Involving 30 countries and regions, the Argo program is a global array of 3,800 free-drifting automated vehicles dubbed "floats" that measure the temperature and salinity of the upper 2,000 meters of the ocean, according to the program website.
The new thermal-technology powered float, manufactured by the 710 Institute affiliated to the China Shipbuilding Industry Corporation and the School of Meteorologic Oceanography of National University of Defense Technology, offers a kind of perpetual motion to ocean observations, Science and Technology Daily reported on Thursday.
Equipped with gauges and sensors including optics, acoustics, ph value and dissolved oxygen, the robots mostly drift underwater at a depth where they are neutrally buoyant.
All floats used in the program need to be of a high quality and a low cost in order to monitor ocean information in the long term, the Beijing-based newspaper said.

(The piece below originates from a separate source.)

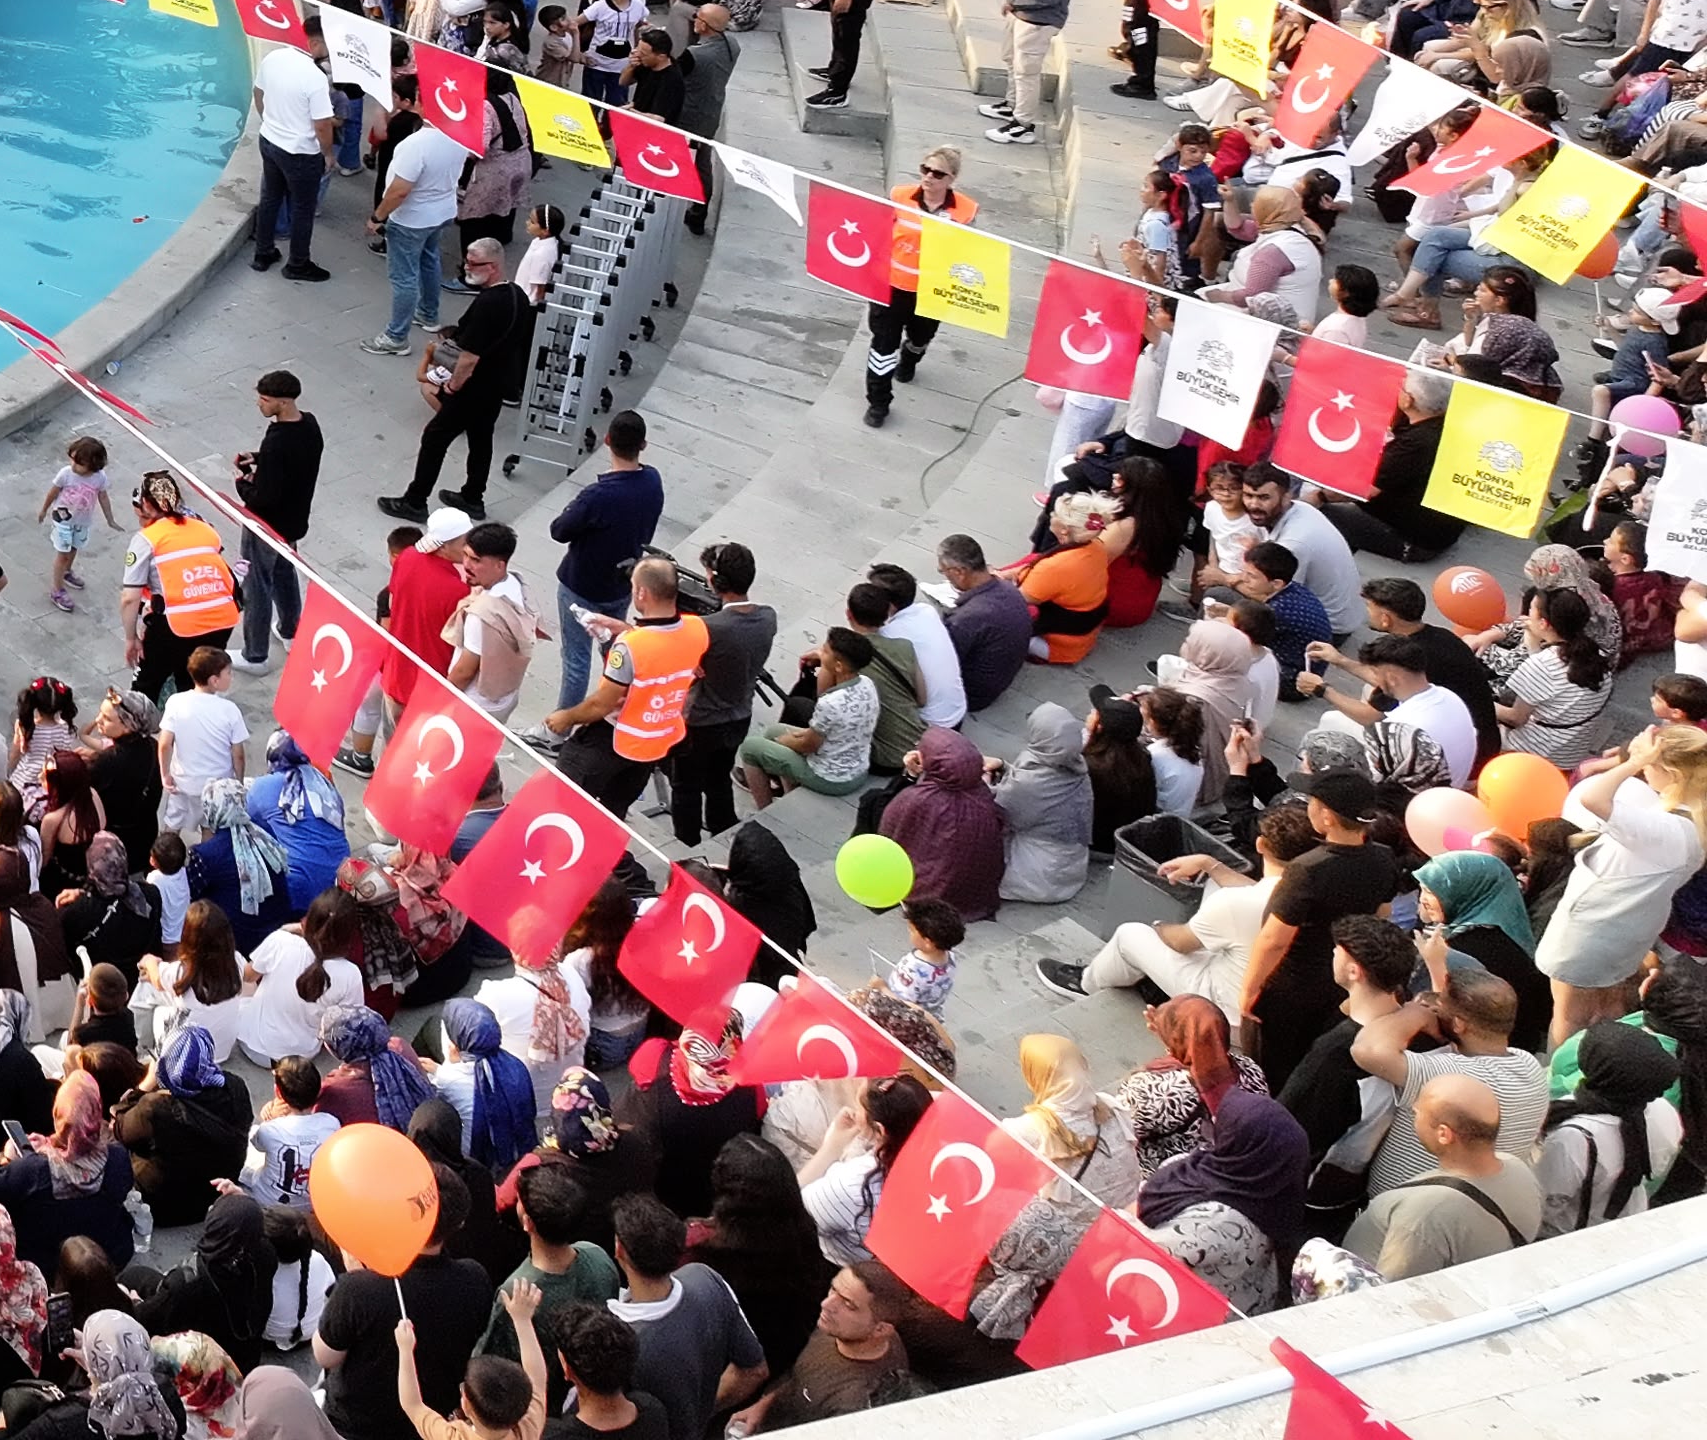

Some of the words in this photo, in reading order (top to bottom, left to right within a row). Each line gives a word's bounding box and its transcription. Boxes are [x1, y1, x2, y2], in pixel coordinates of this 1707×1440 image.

[950, 283, 983, 301] KONYA
[1196, 366, 1226, 387] KONYA
[1475, 469, 1515, 490] KONYA

The old floats powered by lithium batteries are expensive and last three to five years, according to the report.
Scientists are studying the possibility of using renewable resources from the ocean to prolong the lifespan of the floats, the report said.
Ocean thermal energy is a clean, renewable and stable energy, which makes it useful for the Argo program.
How to convert the energy for practical use combines technologies from fields including electromechanics, materials science and system engineering, Tian Zhenhua, a senior research fellow from the 710 Institute was quoted by Science and Technology Daily as saying.
As the only float supplier authorized by Argo in China, the 710 Institute took four years to research core technologies including using ocean thermal energy conversion and the transformation point of sea thermal energy.
"China's marine science and technologies and some product categories are in a leading position in the world," Chen Xiangmiao, a research fellow at the National Institute for the South China Sea, told the Global Times.